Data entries
····················

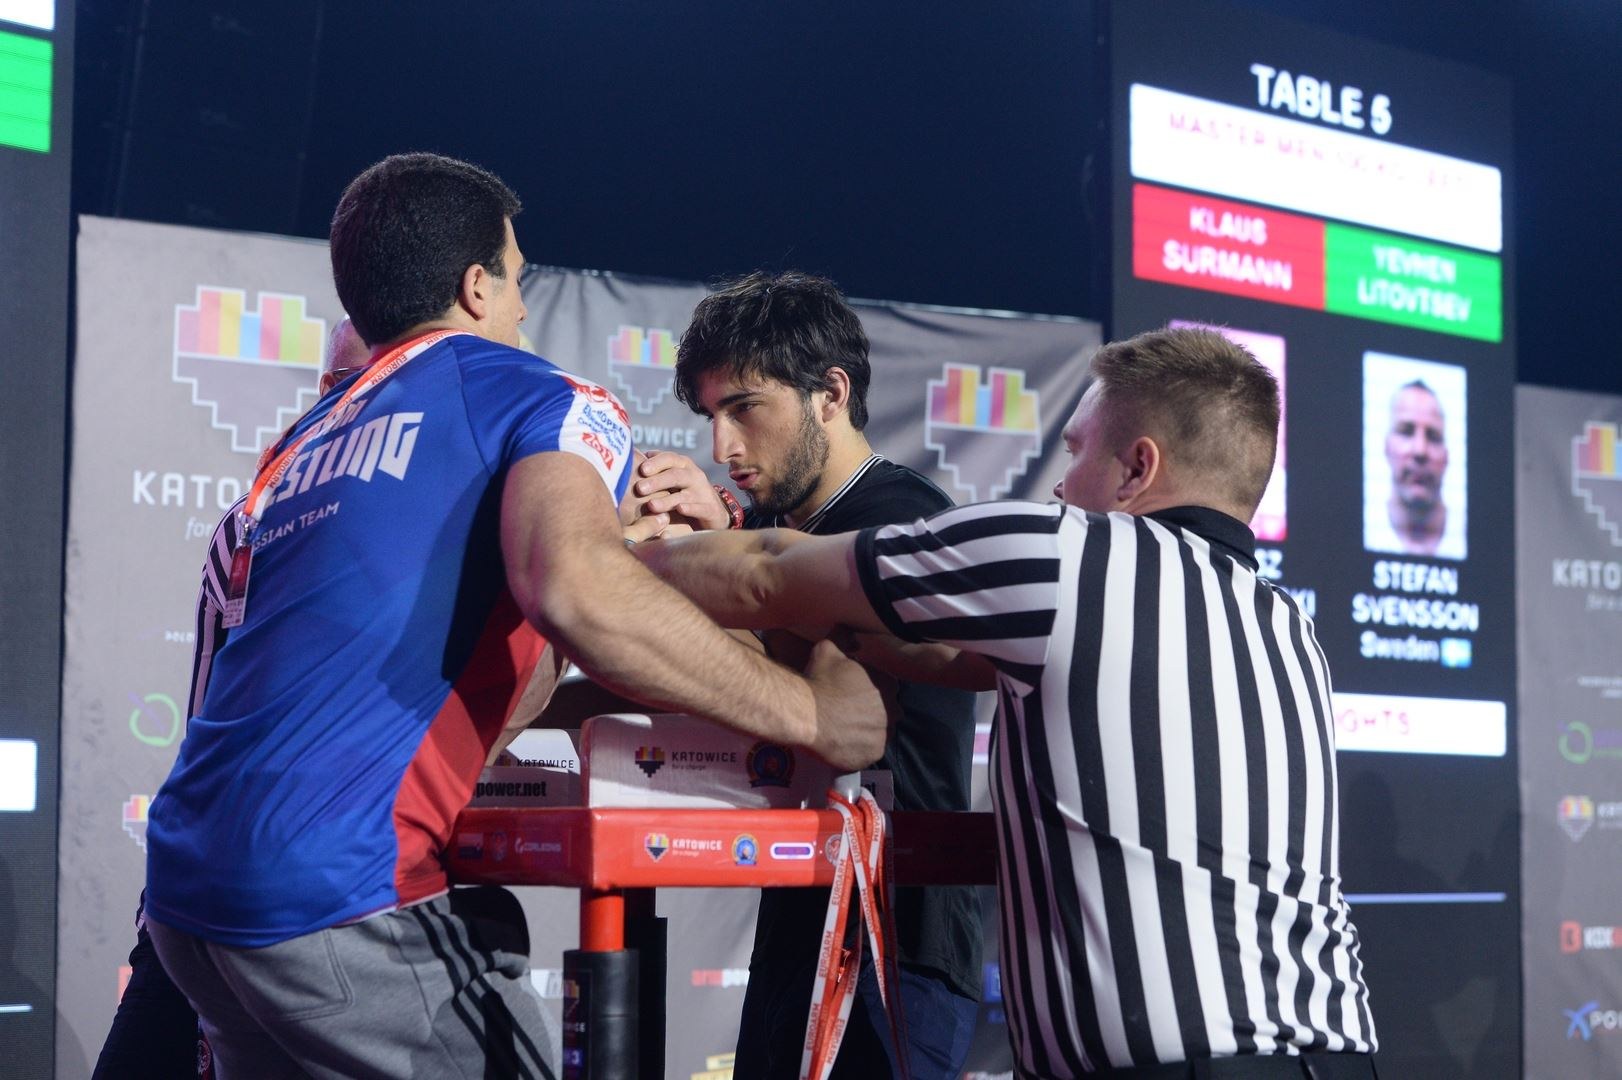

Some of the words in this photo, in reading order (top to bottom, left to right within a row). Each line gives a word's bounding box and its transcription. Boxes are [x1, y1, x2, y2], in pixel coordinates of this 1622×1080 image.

[1250, 63, 1364, 130] TABLE
[1370, 94, 1393, 135] 5
[1189, 206, 1268, 246] KLAUS
[1162, 239, 1293, 292] SURMANN
[371, 353, 408, 385] EUROARM
[132, 469, 252, 510] KATO
[299, 501, 340, 530] TEAM
[1373, 559, 1458, 596] STEFAN
[1352, 592, 1480, 632] SVENSSON
[1360, 630, 1440, 662] Sweden
[516, 759, 575, 769] KATOWICE
[671, 751, 737, 763] KATOWICE
[474, 781, 547, 798] power.net
[672, 838, 723, 851] KATOWICE
[831, 858, 847, 906] EUROARM
[818, 930, 834, 978] EUROARM
[806, 1002, 821, 1051] EUROARM
[827, 1018, 846, 1065] EUROARM
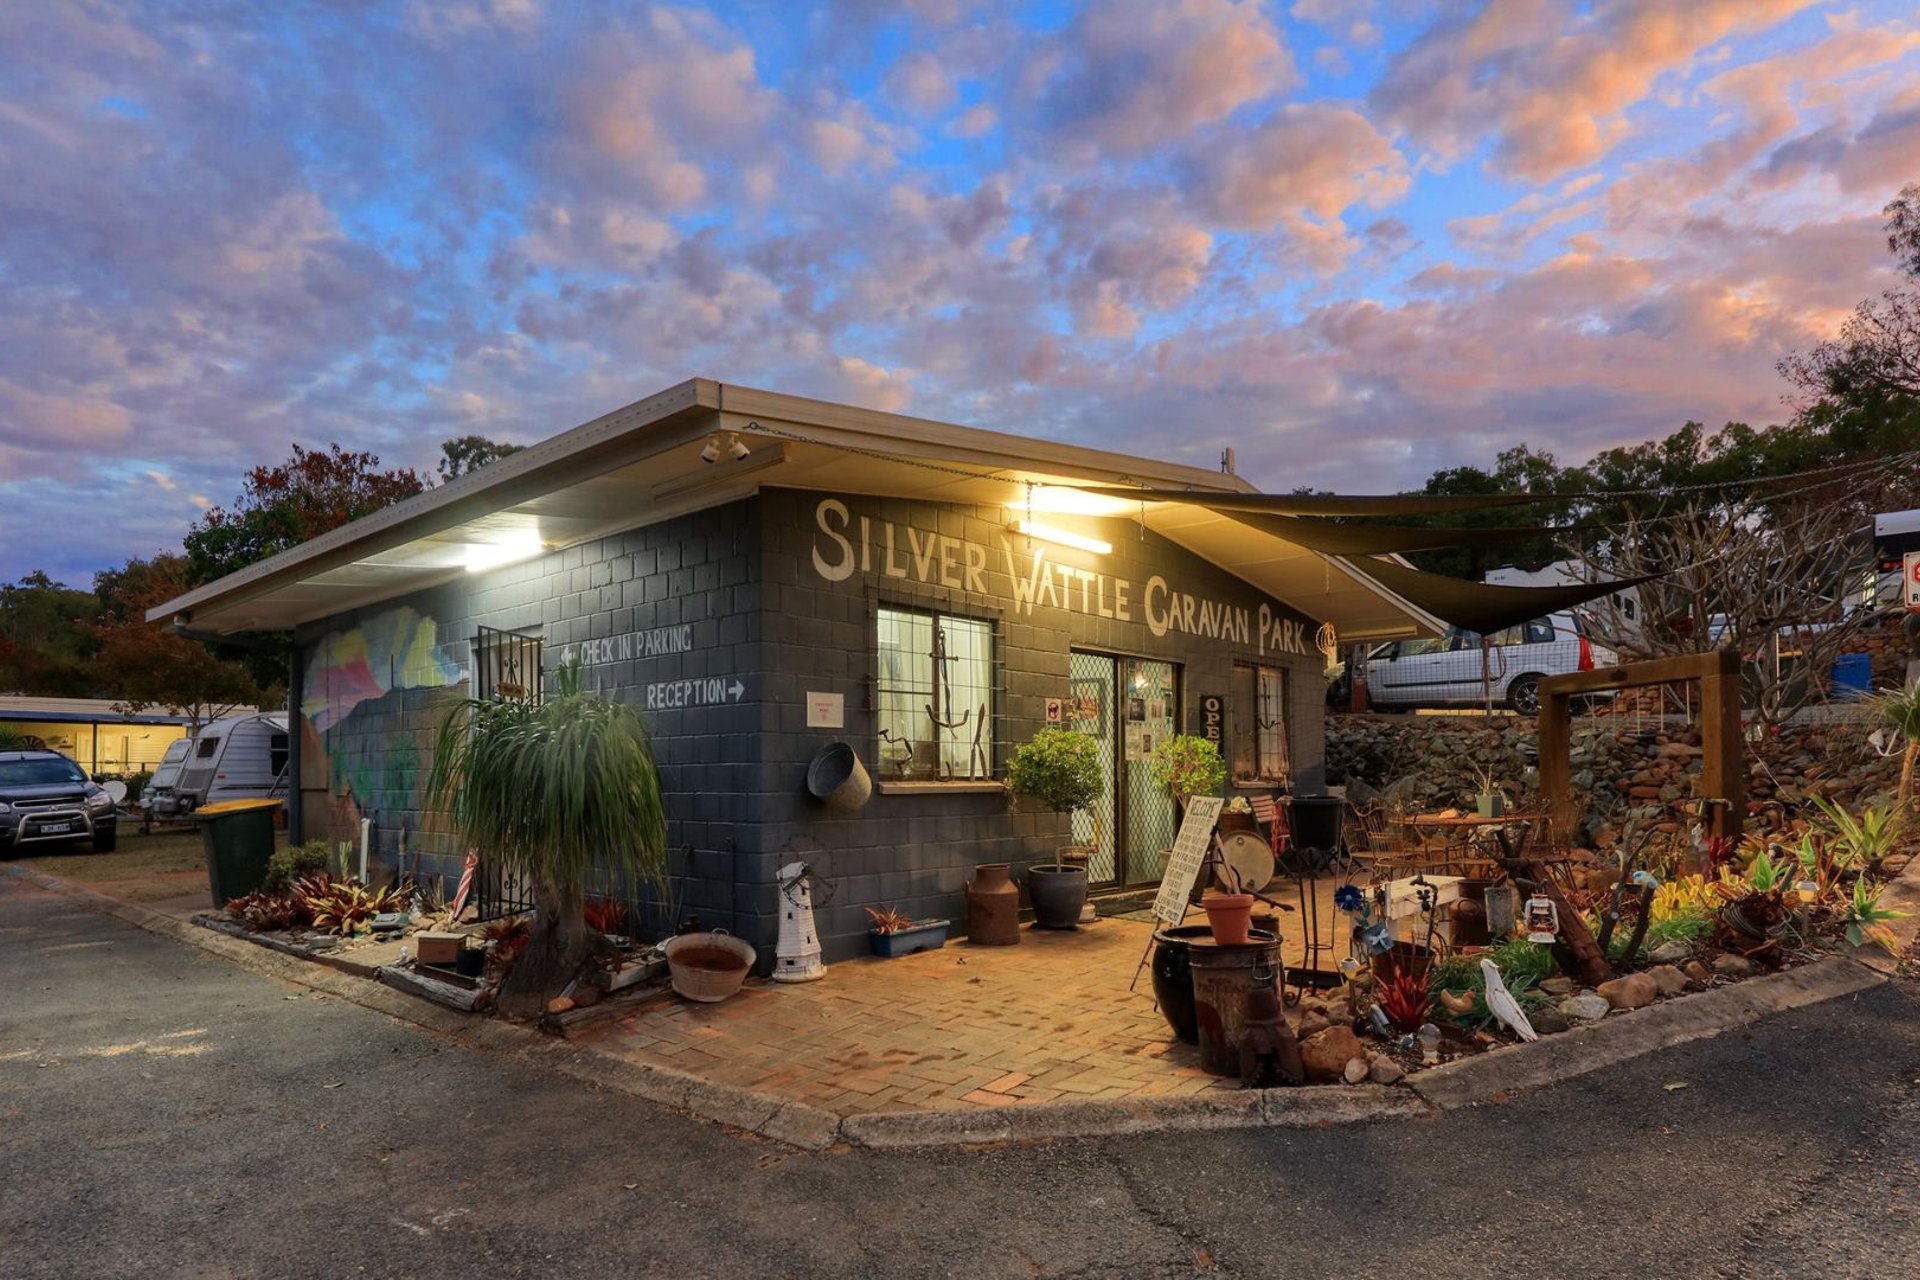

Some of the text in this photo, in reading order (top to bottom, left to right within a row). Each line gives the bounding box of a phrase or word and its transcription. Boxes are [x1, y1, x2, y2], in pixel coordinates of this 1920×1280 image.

[812, 499, 1307, 656] SILVER WATTLE CARAVAN PARK
[581, 625, 692, 666] CHECK IN PARKING
[647, 678, 727, 709] RECEPTION
[1205, 698, 1220, 742] OPE
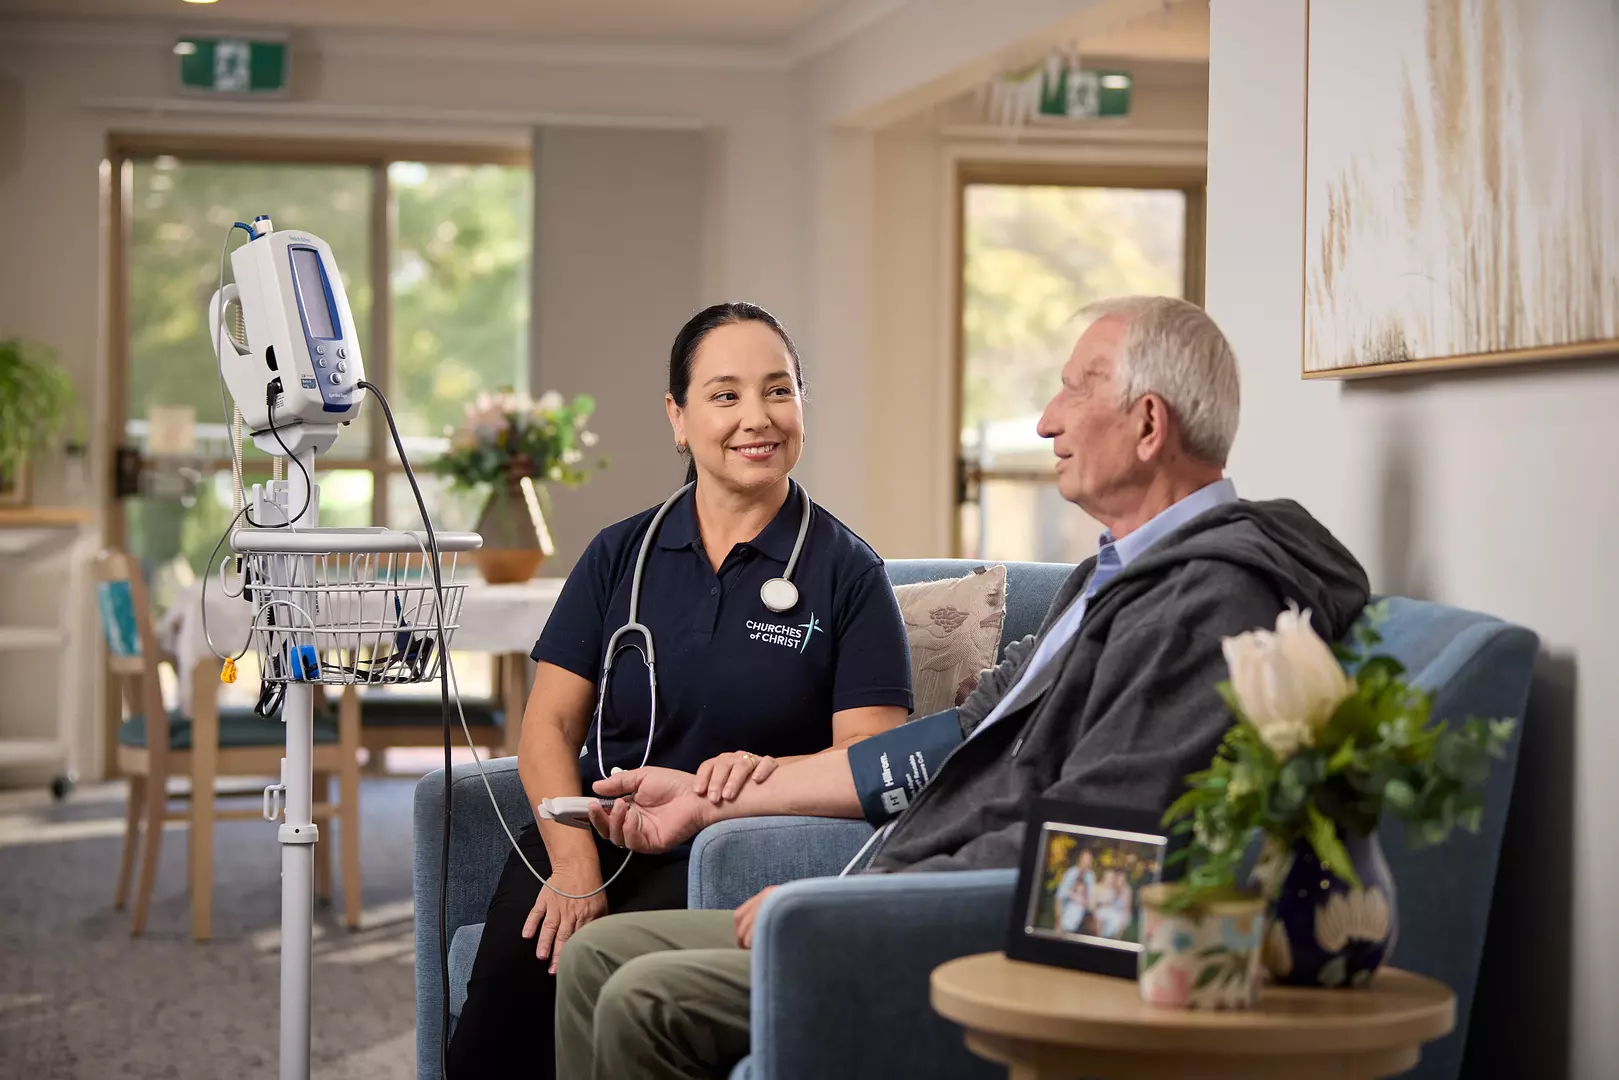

····················

REQUIREMENT :: Transcribe the records above exactly, excluding every picture.

TASK ANSWER ::
Some of the words in this photo, in reading order (top to bottom, left to right within a row). Each line gives a word's bounding box and its transcription. Boxes are [x1, y1, x2, y2], in pixel coordinates of this 1622×1080 image.

[1250, 63, 1364, 130] TABLE
[1370, 94, 1393, 135] 5
[1189, 206, 1268, 246] KLAUS
[1162, 239, 1293, 292] SURMANN
[371, 353, 408, 385] EUROARM
[132, 469, 252, 510] KATO
[299, 501, 340, 530] TEAM
[1373, 559, 1458, 596] STEFAN
[1352, 592, 1480, 632] SVENSSON
[1360, 630, 1440, 662] Sweden
[516, 759, 575, 769] KATOWICE
[671, 751, 737, 763] KATOWICE
[474, 781, 547, 798] power.net
[672, 838, 723, 851] KATOWICE
[831, 858, 847, 906] EUROARM
[818, 930, 834, 978] EUROARM
[806, 1002, 821, 1051] EUROARM
[827, 1018, 846, 1065] EUROARM

Some of the text in this photo, in reading order (top to bottom, left to right within a row). Each line gives the bounding box of a phrase or word and its transcription. Boxes are [x1, y1, x2, y2], in pixel coordinates of this 1920×1280 image.

[812, 499, 1307, 656] SILVER WATTLE CARAVAN PARK
[581, 625, 692, 666] CHECK IN PARKING
[647, 678, 727, 709] RECEPTION
[1205, 698, 1220, 742] OPE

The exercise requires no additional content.